**WHAT IS REQUIRED**
A verbatim copy of every record is needed.

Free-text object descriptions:
[Start of section]
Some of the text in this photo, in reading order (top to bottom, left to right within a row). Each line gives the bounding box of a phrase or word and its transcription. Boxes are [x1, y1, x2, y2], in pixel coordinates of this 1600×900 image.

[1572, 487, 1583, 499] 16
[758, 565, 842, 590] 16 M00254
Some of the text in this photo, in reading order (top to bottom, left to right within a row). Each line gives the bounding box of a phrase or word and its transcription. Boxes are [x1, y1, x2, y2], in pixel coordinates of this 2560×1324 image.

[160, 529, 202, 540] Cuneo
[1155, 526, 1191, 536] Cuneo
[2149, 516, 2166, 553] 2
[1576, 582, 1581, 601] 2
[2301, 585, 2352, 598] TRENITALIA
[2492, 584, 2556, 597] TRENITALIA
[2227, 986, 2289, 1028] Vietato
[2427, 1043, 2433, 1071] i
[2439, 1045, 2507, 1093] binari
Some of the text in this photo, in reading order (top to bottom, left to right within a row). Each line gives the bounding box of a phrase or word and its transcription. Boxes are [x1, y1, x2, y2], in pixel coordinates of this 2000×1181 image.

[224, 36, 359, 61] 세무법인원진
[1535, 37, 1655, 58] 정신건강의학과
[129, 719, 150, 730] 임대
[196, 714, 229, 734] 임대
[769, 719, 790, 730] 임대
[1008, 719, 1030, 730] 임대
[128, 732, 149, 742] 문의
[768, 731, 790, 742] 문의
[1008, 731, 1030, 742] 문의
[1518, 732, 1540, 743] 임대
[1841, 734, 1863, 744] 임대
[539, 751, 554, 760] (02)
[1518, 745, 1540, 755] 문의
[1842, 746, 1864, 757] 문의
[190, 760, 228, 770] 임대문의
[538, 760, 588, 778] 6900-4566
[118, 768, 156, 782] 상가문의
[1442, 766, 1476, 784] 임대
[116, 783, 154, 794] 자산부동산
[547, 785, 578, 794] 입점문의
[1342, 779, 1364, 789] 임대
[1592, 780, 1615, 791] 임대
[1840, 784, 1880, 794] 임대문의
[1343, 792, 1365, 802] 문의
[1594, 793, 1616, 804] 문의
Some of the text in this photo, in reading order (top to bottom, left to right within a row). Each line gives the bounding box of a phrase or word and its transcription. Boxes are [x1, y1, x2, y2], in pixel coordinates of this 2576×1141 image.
[End of section]
**EXERCISE RESULT**
Some of the text in this photo, in reading order (top to bottom, left to right within a row). Each line gives the bounding box of a phrase or word and its transcription. Boxes are [x1, y1, x2, y2], in pixel coordinates of this 1600×900 image.

[1572, 487, 1583, 499] 16
[758, 565, 842, 590] 16 M00254
Some of the text in this photo, in reading order (top to bottom, left to right within a row). Each line gives the bounding box of a phrase or word and its transcription. Boxes are [x1, y1, x2, y2], in pixel coordinates of this 2560×1324 image.

[160, 529, 202, 540] Cuneo
[1155, 526, 1191, 536] Cuneo
[2149, 516, 2166, 553] 2
[1576, 582, 1581, 601] 2
[2301, 585, 2352, 598] TRENITALIA
[2492, 584, 2556, 597] TRENITALIA
[2227, 986, 2289, 1028] Vietato
[2427, 1043, 2433, 1071] i
[2439, 1045, 2507, 1093] binari
Some of the text in this photo, in reading order (top to bottom, left to right within a row). Each line gives the bounding box of a phrase or word and its transcription. Boxes are [x1, y1, x2, y2], in pixel coordinates of this 2000×1181 image.

[224, 36, 359, 61] 세무법인원진
[1535, 37, 1655, 58] 정신건강의학과
[129, 719, 150, 730] 임대
[196, 714, 229, 734] 임대
[769, 719, 790, 730] 임대
[1008, 719, 1030, 730] 임대
[128, 732, 149, 742] 문의
[768, 731, 790, 742] 문의
[1008, 731, 1030, 742] 문의
[1518, 732, 1540, 743] 임대
[1841, 734, 1863, 744] 임대
[539, 751, 554, 760] (02)
[1518, 745, 1540, 755] 문의
[1842, 746, 1864, 757] 문의
[190, 760, 228, 770] 임대문의
[538, 760, 588, 778] 6900-4566
[118, 768, 156, 782] 상가문의
[1442, 766, 1476, 784] 임대
[116, 783, 154, 794] 자산부동산
[547, 785, 578, 794] 입점문의
[1342, 779, 1364, 789] 임대
[1592, 780, 1615, 791] 임대
[1840, 784, 1880, 794] 임대문의
[1343, 792, 1365, 802] 문의
[1594, 793, 1616, 804] 문의
Some of the text in this photo, in reading order (top to bottom, left to right within a row). Each line gives the bounding box of a phrase or word and its transcription. Boxes are [x1, y1, x2, y2], in pixel coordinates of this 2576×1141 image.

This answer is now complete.